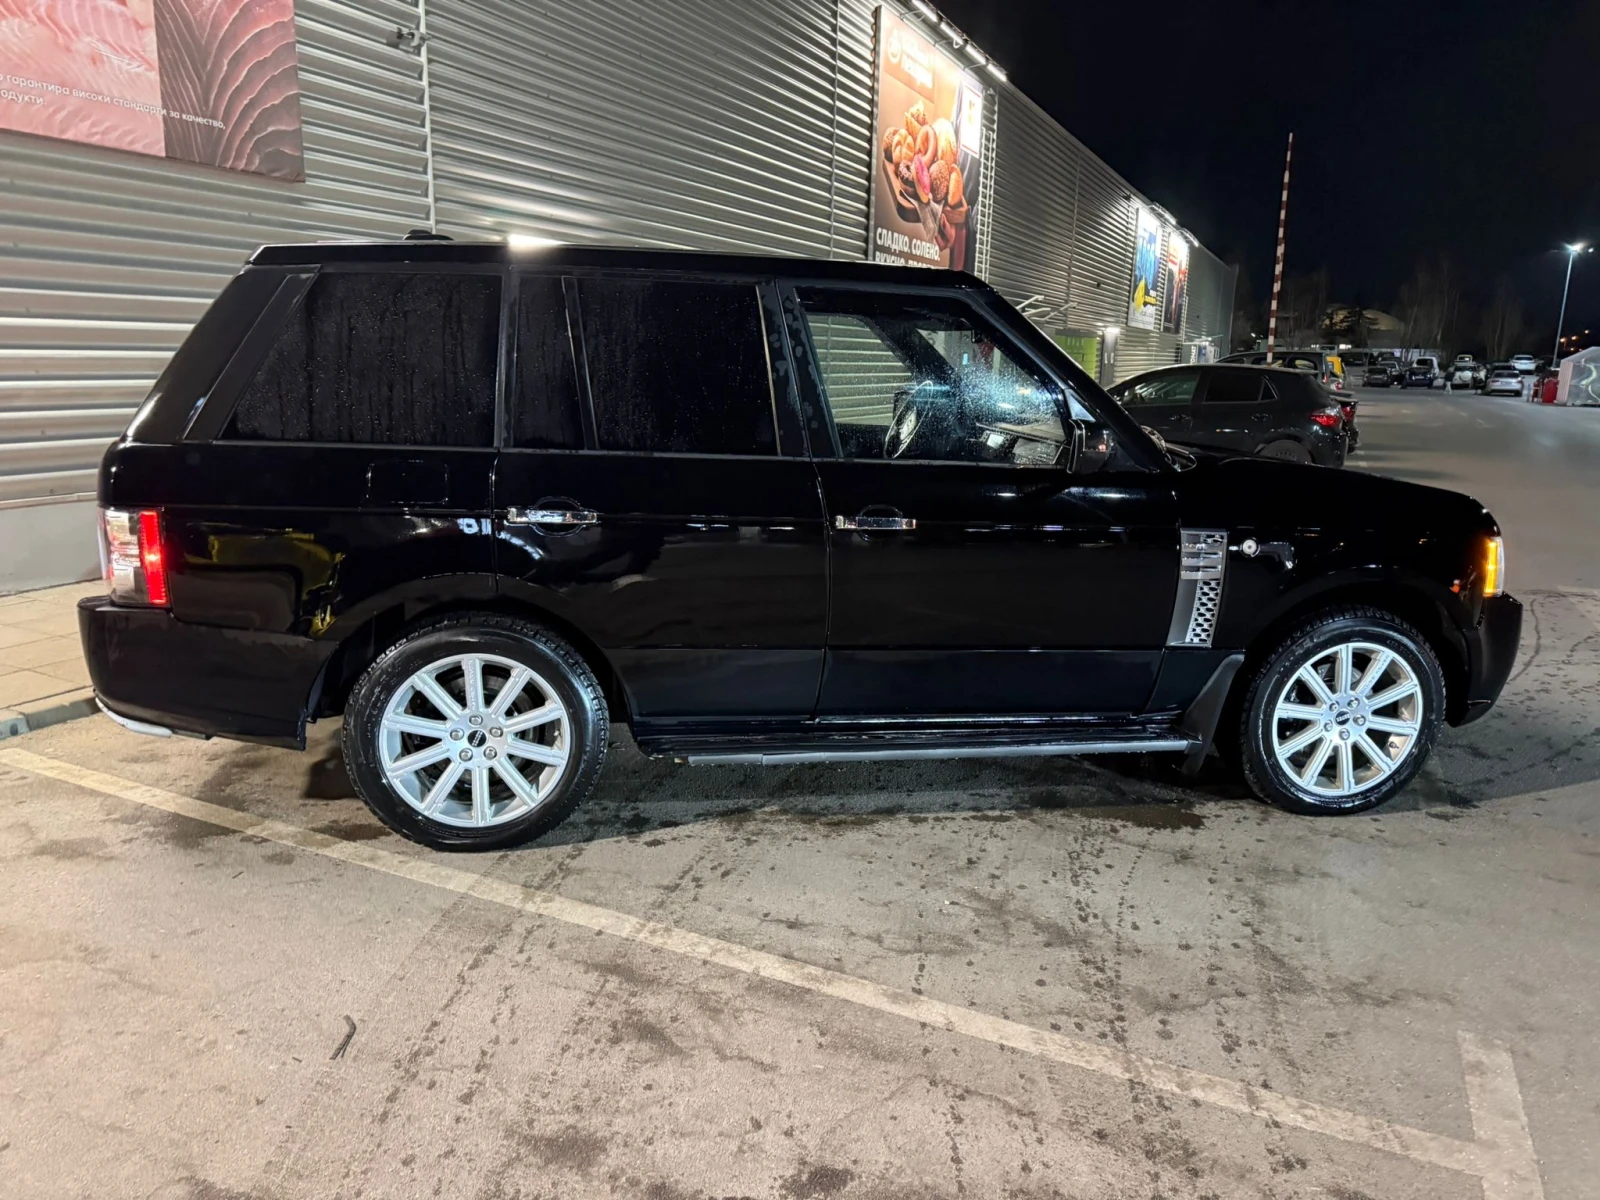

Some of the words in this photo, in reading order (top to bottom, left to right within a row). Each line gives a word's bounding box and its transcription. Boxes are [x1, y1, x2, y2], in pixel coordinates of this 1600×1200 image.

[6, 74, 70, 95] гарантира
[72, 88, 111, 104] високи
[113, 98, 167, 116] стандарти
[169, 110, 180, 119] за
[182, 113, 226, 130] качество,
[876, 227, 911, 254] СЛАДКО.
[911, 238, 940, 261] СОЛЕНО.
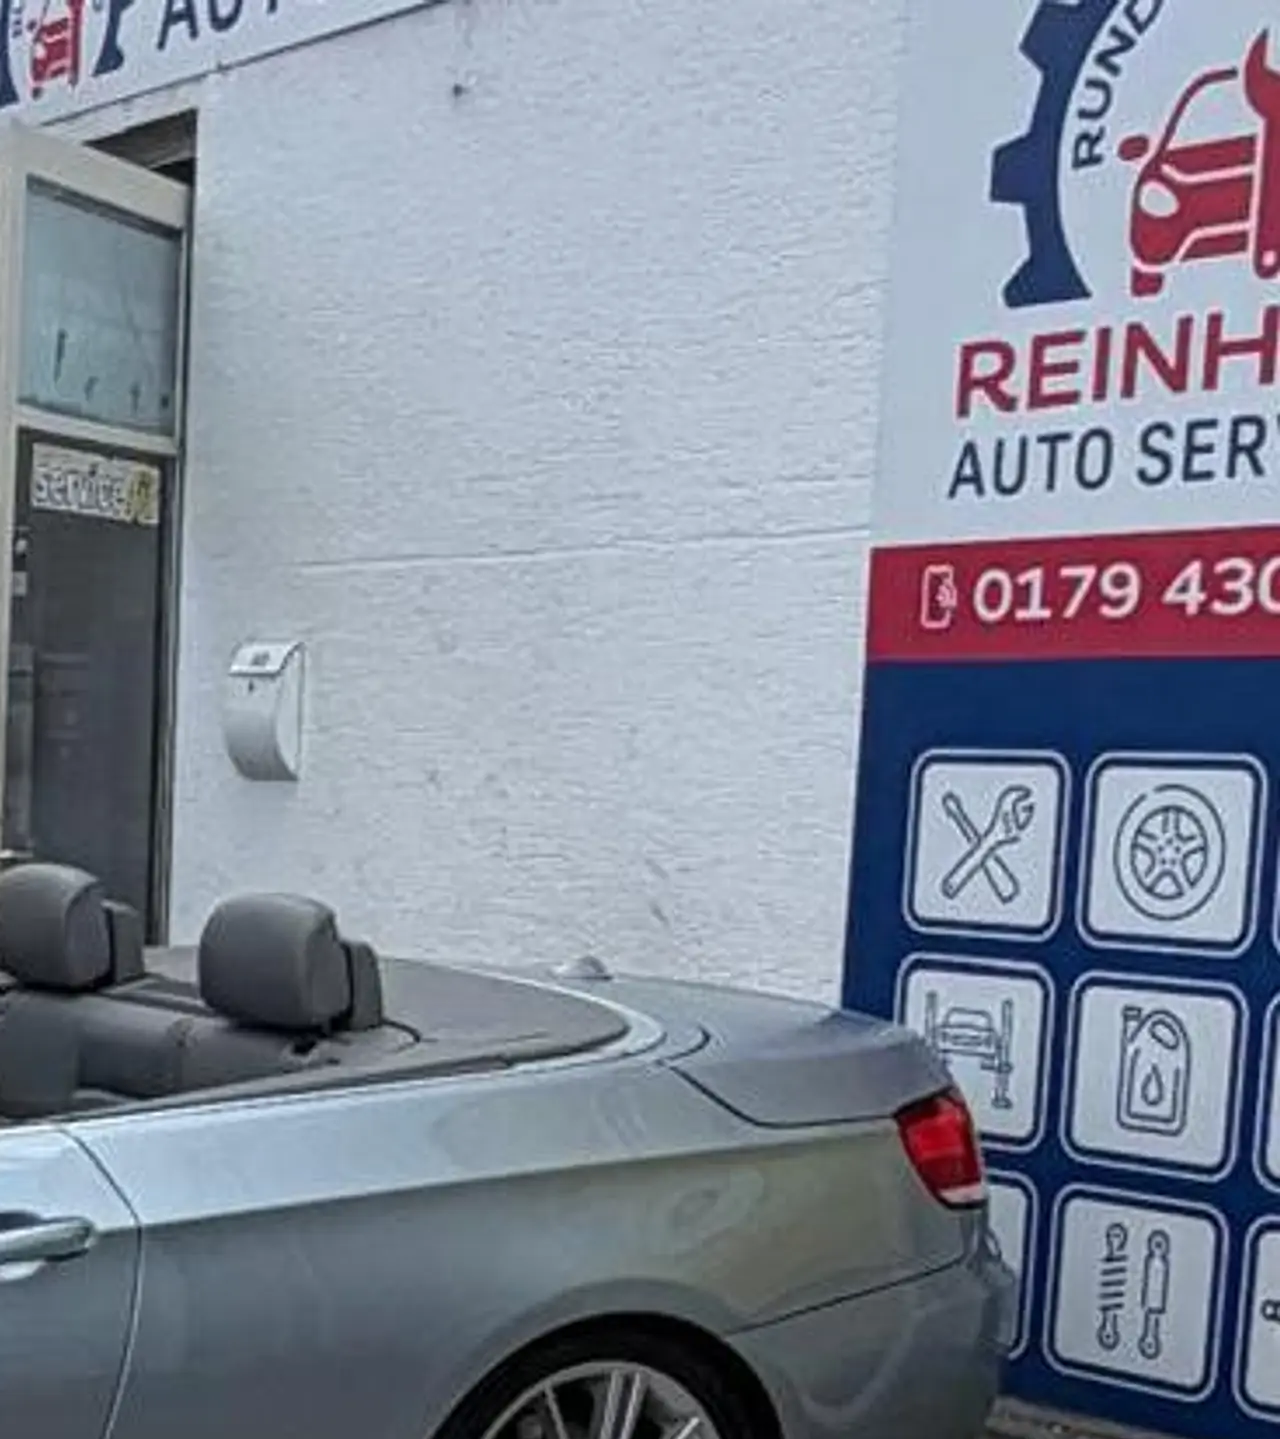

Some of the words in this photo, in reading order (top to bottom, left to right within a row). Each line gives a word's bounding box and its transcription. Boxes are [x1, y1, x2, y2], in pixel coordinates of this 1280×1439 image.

[947, 428, 1114, 500] AUTO
[1136, 414, 1280, 486] SER
[972, 561, 1140, 623] 0179
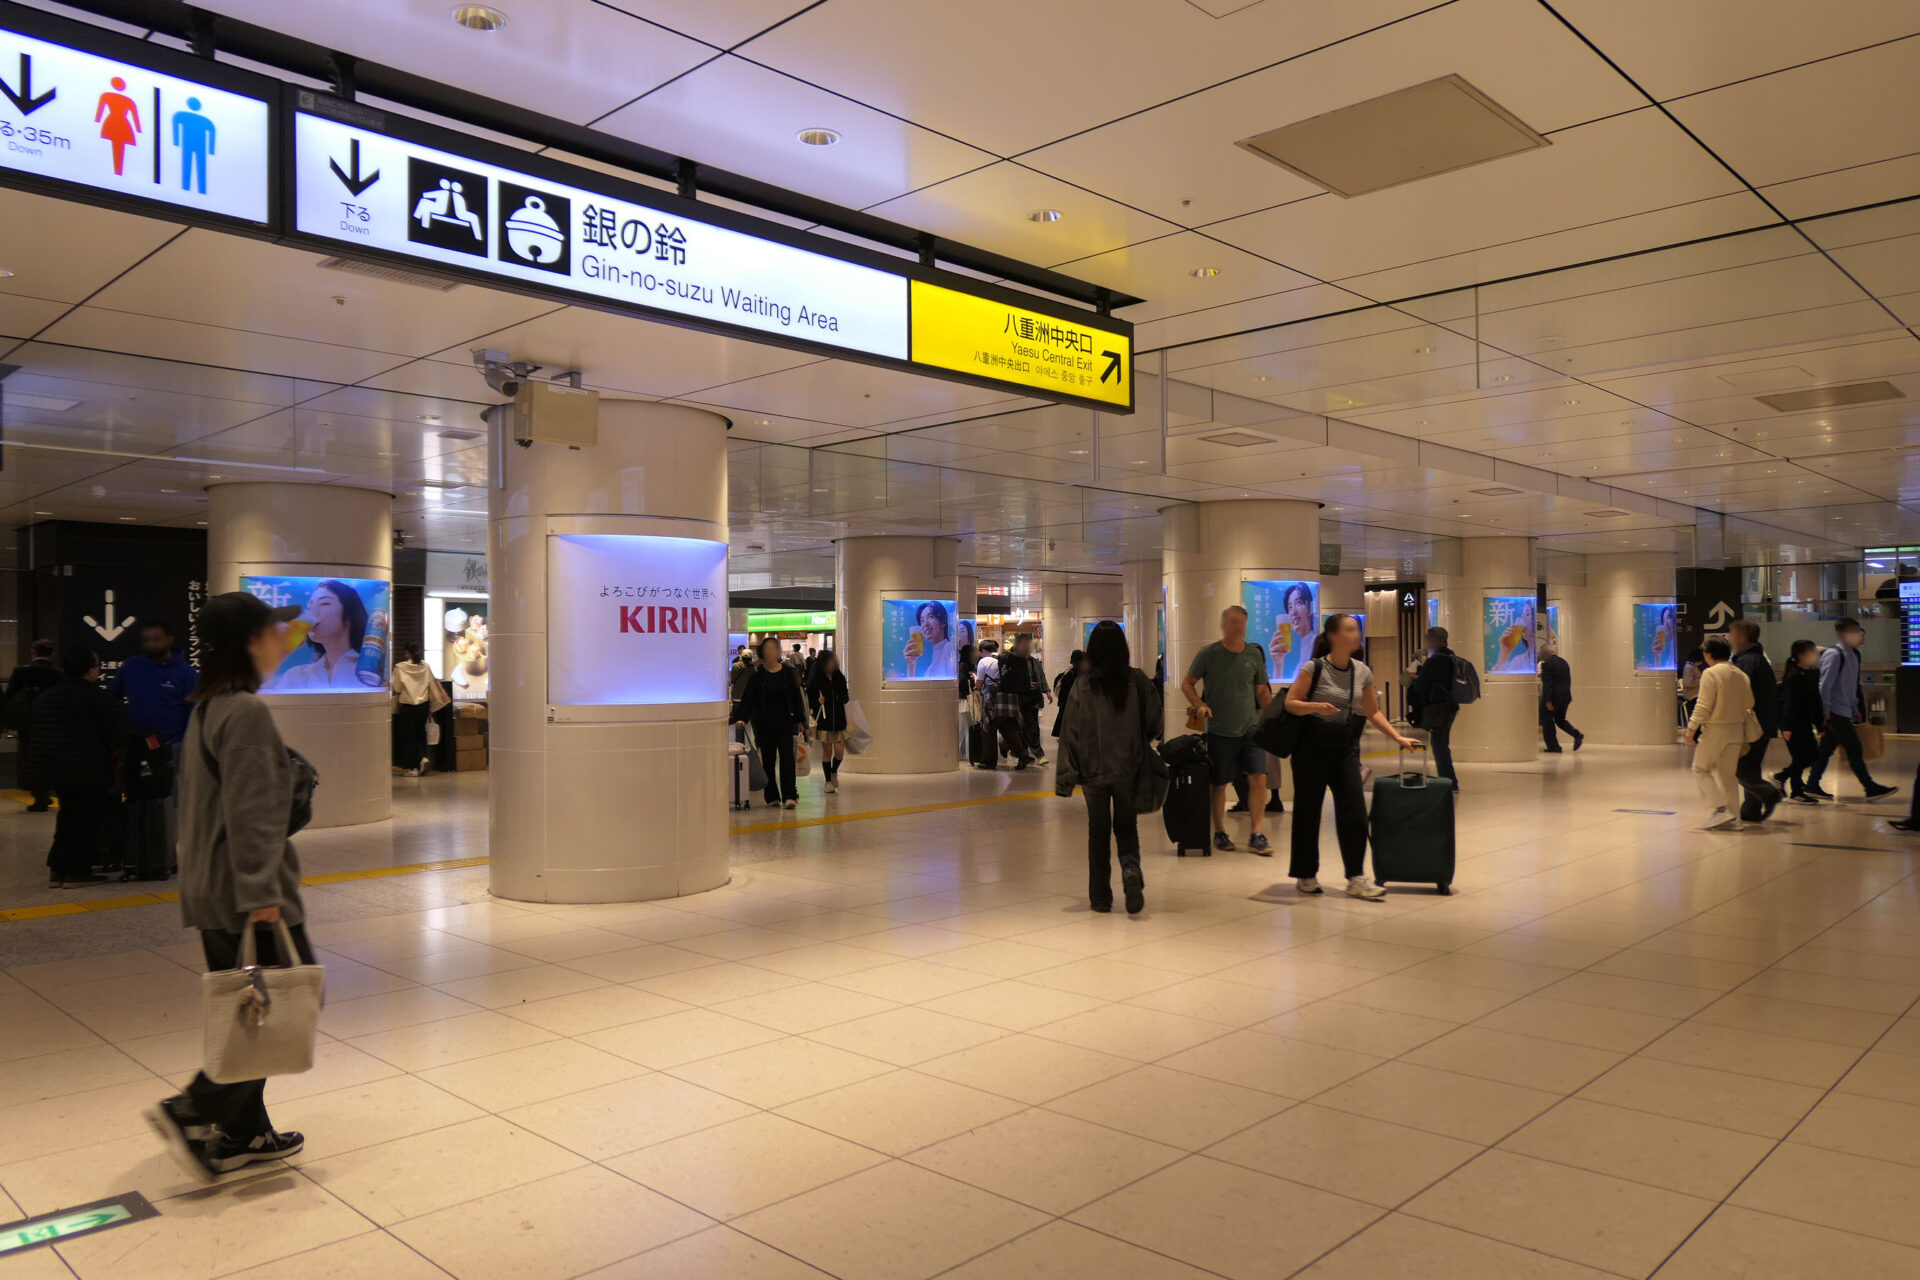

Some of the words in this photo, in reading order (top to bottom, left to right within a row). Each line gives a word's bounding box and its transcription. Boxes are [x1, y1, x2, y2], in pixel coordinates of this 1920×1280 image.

::::

(Exercise goal) Transcribe each of the records above precisely, with no pictures in the copy.

(Written solution)
Some of the words in this photo, in reading order (top to bottom, left to right within a row). Each line gives a word's bounding box and its transcription. Boxes are [x1, y1, x2, y2], in pixel coordinates of this 1600×1200 image.

[6, 74, 70, 95] гарантира
[72, 88, 111, 104] високи
[113, 98, 167, 116] стандарти
[169, 110, 180, 119] за
[182, 113, 226, 130] качество,
[876, 227, 911, 254] СЛАДКО.
[911, 238, 940, 261] СОЛЕНО.

Some of the words in this photo, in reading order (top to bottom, left to right within a row). Each line gives a word's bounding box and its transcription. Boxes are [x1, y1, x2, y2], in pixel coordinates of this 1280×1439 image.

[947, 428, 1114, 500] AUTO
[1136, 414, 1280, 486] SER
[972, 561, 1140, 623] 0179

Some of the words in this photo, in reading order (top to bottom, left to right within a row). Each line gives a word's bounding box and its transcription. Boxes are [x1, y1, x2, y2], in pixel coordinates of this 1920×1280 image.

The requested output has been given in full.